One unwelcome species that’s been spotted on purple loosestrife? The spotted lanternfly. “What it begins to do is create different food webs that don’t support the function of your local endemic wetlands,” Larry said.
Thanks to Lauren and our land protection specialist, Sarah, our bio island is free yet again from purple loosestrife!
A little about purple loosestrife…
Where did it originate? This beautiful but aggressive plant arrived in eastern North America in the early 1800s, brought as a seed by settlers for their flower gardens, and in the ballast holds of European ships to weigh down the vessels for stability on the ocean. Since being introduced, it’s spread west, and can be found across much of the US and Canada.
How does it affect wetlands? As the most biologically diverse, productive component of our ecosystem, wetlands are home to hundreds of species of plants, birds, mammals, reptiles, insects, fish and amphibians- all of whom rely on a healthy wetland habitat to feed, seek shelter, reproduce and rear young. When purple loosestrife gets a hold, however, this habitat gets choked under a sea of purple flowers.

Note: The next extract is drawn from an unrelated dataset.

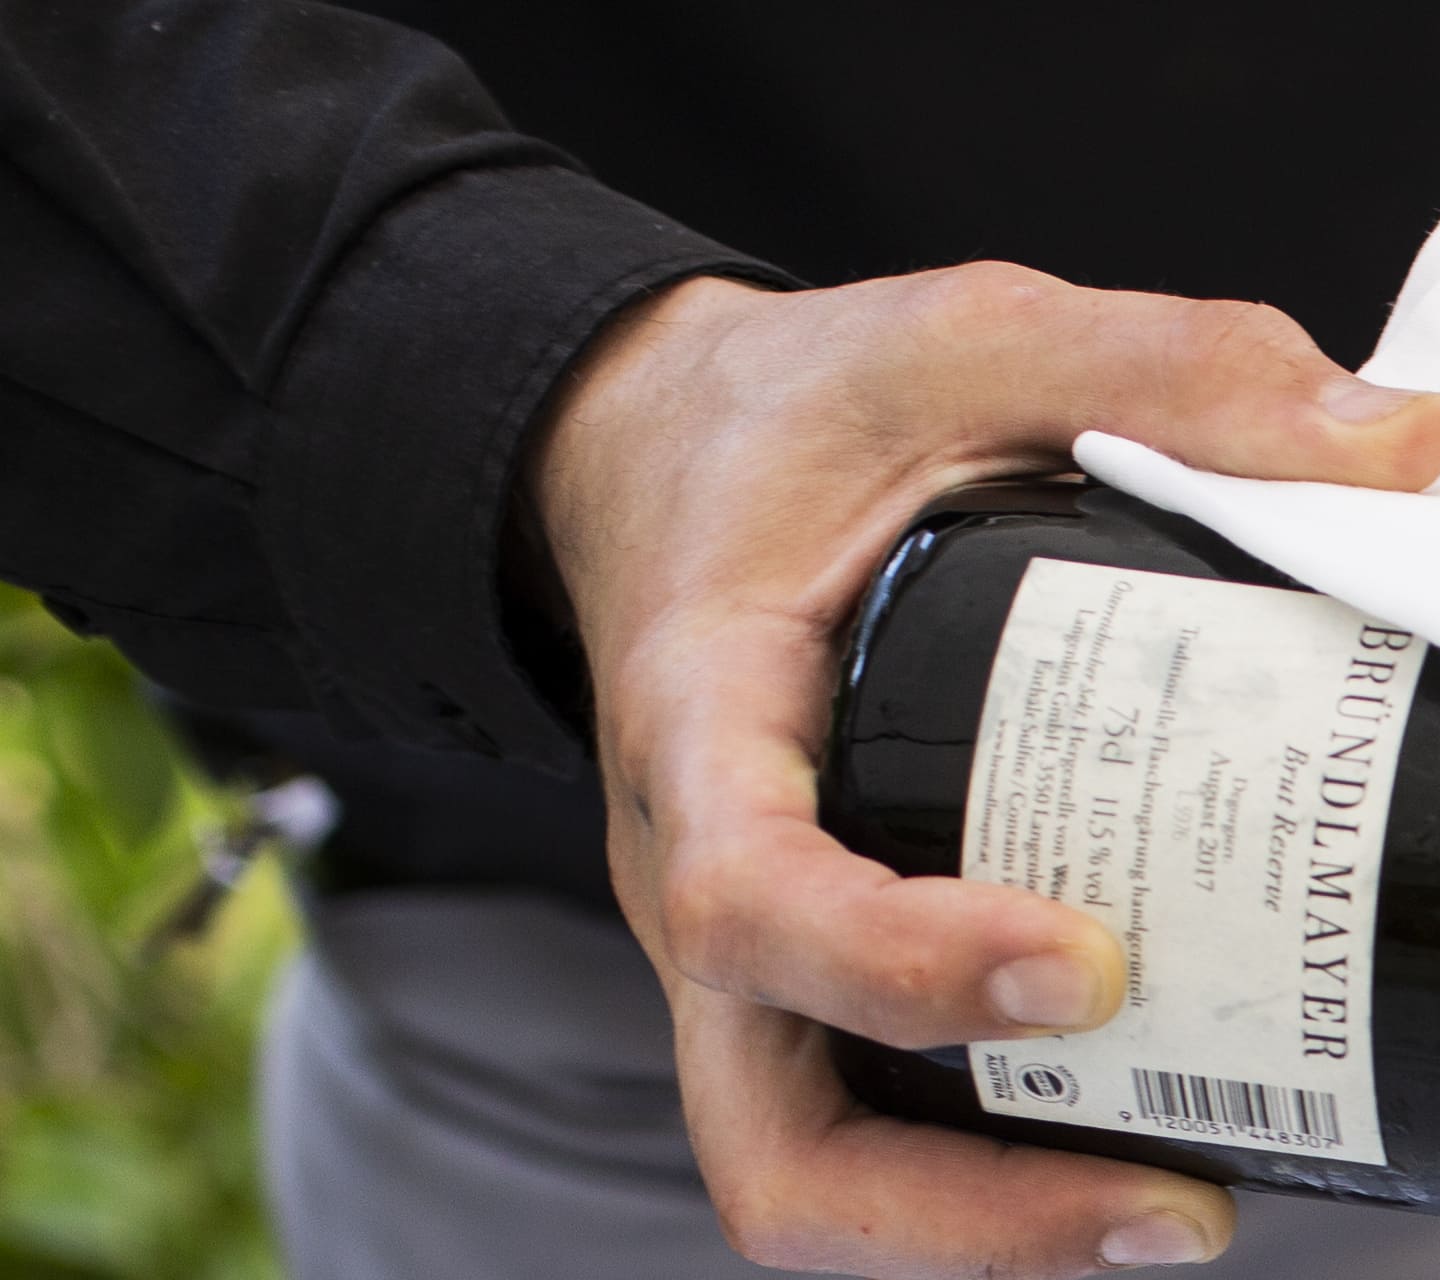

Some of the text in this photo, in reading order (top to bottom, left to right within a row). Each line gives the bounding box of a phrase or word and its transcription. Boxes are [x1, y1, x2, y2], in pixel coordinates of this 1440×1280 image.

When should you look for it? Purple loosestrife is in bloom and easily recognized between July and August.
How does it spread? In one year, a mature purple loosestrife plant can produce over 1 million seeds- each being about the size of ground pepper. These seeds are carried by water and wind, and on the feathers and fur of birds and mammals. Additionally, humans can serve as a vehicle for the seeds- carring them on muddy shoes, on boats, boat trailers and on vehicles.
How can I prevent further spread? The Department of Agriculture recommends the following steps to prevent its further spread:
- Don’t plant purple loosestrife. Even Lythrum varieties advertised not to make seeds can cross-breed with the invading loosestrife to make seeds.
- Be on the lookout for pioneering plants or isolated small colonies, especially in areas otherwise free of loosestrife. Remove pioneer plants immediately.
- Rinse off equipment, gear, clothing and footwear used in infested areas before moving into uninfested areas.
- Cut off flower heads, bag and destroy them. Repeat throughout the flowering season (late June – early September). This will prevent millions of seeds from ripening and spreading.